Stored data entries:

>>

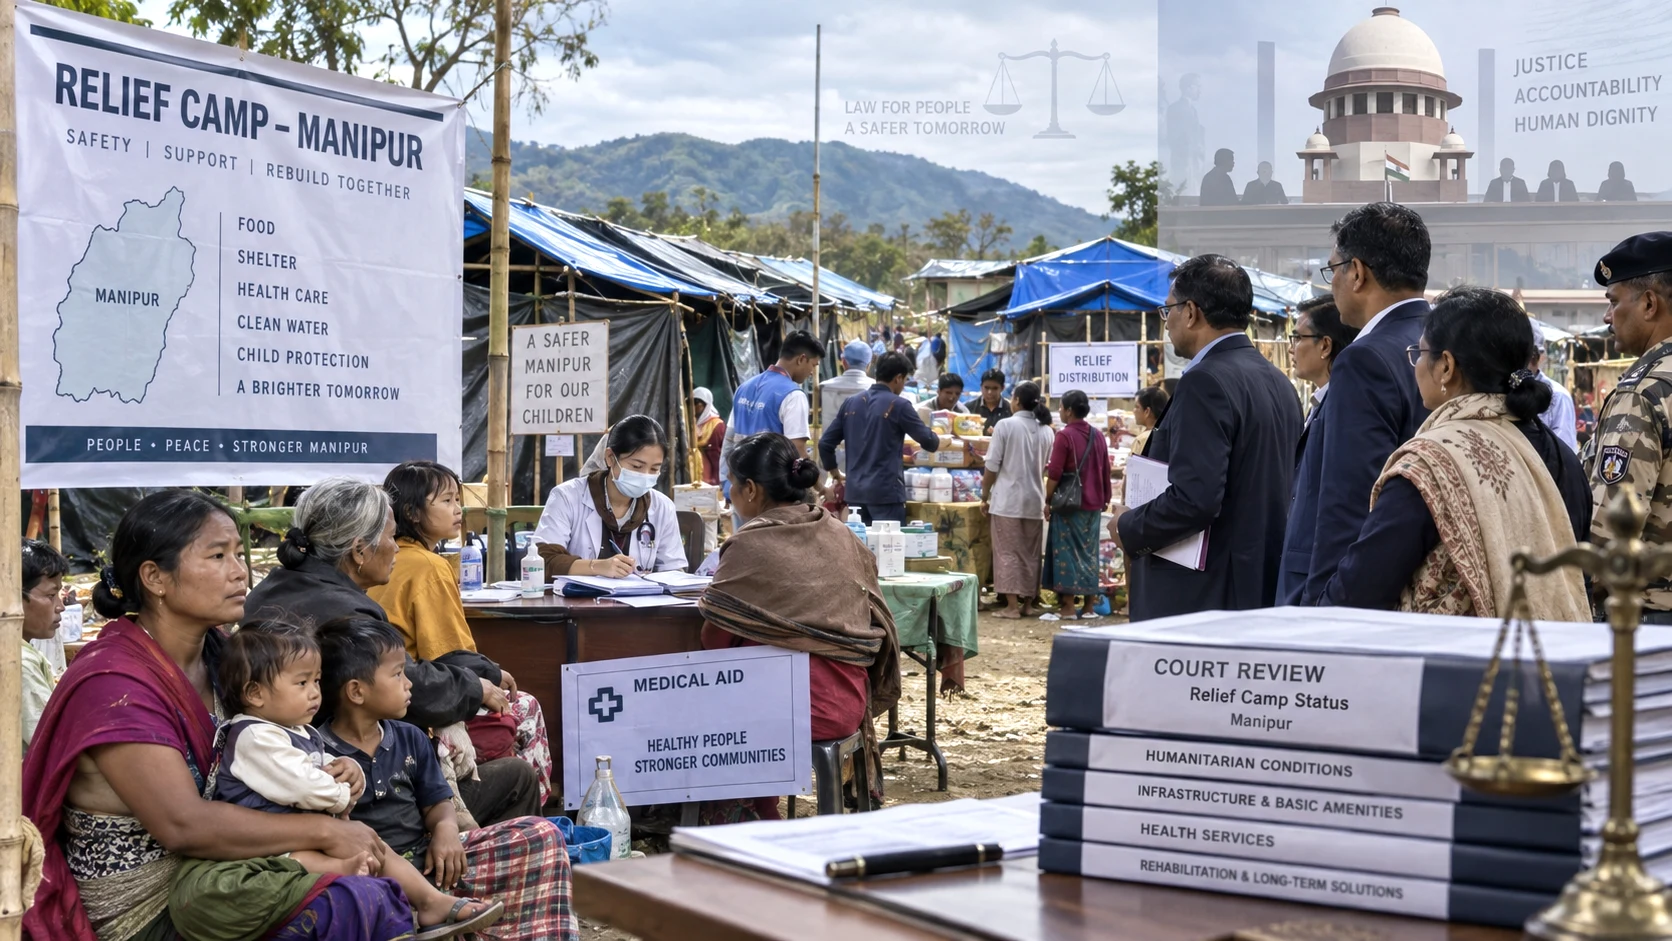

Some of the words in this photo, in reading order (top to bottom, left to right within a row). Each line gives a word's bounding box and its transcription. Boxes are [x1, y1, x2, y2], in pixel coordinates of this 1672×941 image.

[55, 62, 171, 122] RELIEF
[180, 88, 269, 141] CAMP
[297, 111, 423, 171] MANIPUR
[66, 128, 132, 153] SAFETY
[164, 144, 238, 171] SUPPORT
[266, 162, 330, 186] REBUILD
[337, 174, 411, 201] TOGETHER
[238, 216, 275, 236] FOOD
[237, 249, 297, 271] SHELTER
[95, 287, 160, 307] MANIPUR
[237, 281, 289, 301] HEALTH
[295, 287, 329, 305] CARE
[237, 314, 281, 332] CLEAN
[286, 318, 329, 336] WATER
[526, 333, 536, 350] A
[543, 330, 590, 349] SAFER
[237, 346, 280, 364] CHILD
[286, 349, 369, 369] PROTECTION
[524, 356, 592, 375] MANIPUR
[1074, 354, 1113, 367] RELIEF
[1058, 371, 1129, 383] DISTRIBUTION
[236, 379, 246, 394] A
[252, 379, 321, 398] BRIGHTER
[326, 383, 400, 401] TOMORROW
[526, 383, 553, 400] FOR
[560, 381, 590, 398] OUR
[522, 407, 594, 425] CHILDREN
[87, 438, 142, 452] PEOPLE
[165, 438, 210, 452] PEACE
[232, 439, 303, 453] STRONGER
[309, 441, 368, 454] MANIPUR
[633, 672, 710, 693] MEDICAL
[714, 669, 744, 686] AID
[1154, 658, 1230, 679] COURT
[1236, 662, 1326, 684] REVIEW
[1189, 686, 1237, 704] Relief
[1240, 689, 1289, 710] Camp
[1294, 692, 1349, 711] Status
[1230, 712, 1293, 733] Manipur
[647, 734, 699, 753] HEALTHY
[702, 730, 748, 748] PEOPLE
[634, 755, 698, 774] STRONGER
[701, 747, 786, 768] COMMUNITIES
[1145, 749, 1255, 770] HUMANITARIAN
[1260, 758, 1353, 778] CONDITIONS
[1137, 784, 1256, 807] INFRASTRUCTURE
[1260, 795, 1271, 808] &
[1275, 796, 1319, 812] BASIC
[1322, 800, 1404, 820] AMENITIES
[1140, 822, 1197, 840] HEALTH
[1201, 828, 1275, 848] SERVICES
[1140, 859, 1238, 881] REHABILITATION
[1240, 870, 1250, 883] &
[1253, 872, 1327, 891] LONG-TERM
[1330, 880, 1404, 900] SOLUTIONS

<<

Your instructions: Repeat the data above exactly, images excluded.

Reply to the task:
Some of the words in this photo, in reading order (top to bottom, left to right within a row). Each line gives a word's bounding box and its transcription. Boxes are [x1, y1, x2, y2], in pixel coordinates of this 1672×941 image.

[55, 62, 171, 122] RELIEF
[180, 88, 269, 141] CAMP
[297, 111, 423, 171] MANIPUR
[66, 128, 132, 153] SAFETY
[164, 144, 238, 171] SUPPORT
[266, 162, 330, 186] REBUILD
[337, 174, 411, 201] TOGETHER
[238, 216, 275, 236] FOOD
[237, 249, 297, 271] SHELTER
[95, 287, 160, 307] MANIPUR
[237, 281, 289, 301] HEALTH
[295, 287, 329, 305] CARE
[237, 314, 281, 332] CLEAN
[286, 318, 329, 336] WATER
[526, 333, 536, 350] A
[543, 330, 590, 349] SAFER
[237, 346, 280, 364] CHILD
[286, 349, 369, 369] PROTECTION
[524, 356, 592, 375] MANIPUR
[1074, 354, 1113, 367] RELIEF
[1058, 371, 1129, 383] DISTRIBUTION
[236, 379, 246, 394] A
[252, 379, 321, 398] BRIGHTER
[326, 383, 400, 401] TOMORROW
[526, 383, 553, 400] FOR
[560, 381, 590, 398] OUR
[522, 407, 594, 425] CHILDREN
[87, 438, 142, 452] PEOPLE
[165, 438, 210, 452] PEACE
[232, 439, 303, 453] STRONGER
[309, 441, 368, 454] MANIPUR
[633, 672, 710, 693] MEDICAL
[714, 669, 744, 686] AID
[1154, 658, 1230, 679] COURT
[1236, 662, 1326, 684] REVIEW
[1189, 686, 1237, 704] Relief
[1240, 689, 1289, 710] Camp
[1294, 692, 1349, 711] Status
[1230, 712, 1293, 733] Manipur
[647, 734, 699, 753] HEALTHY
[702, 730, 748, 748] PEOPLE
[634, 755, 698, 774] STRONGER
[701, 747, 786, 768] COMMUNITIES
[1145, 749, 1255, 770] HUMANITARIAN
[1260, 758, 1353, 778] CONDITIONS
[1137, 784, 1256, 807] INFRASTRUCTURE
[1260, 795, 1271, 808] &
[1275, 796, 1319, 812] BASIC
[1322, 800, 1404, 820] AMENITIES
[1140, 822, 1197, 840] HEALTH
[1201, 828, 1275, 848] SERVICES
[1140, 859, 1238, 881] REHABILITATION
[1240, 870, 1250, 883] &
[1253, 872, 1327, 891] LONG-TERM
[1330, 880, 1404, 900] SOLUTIONS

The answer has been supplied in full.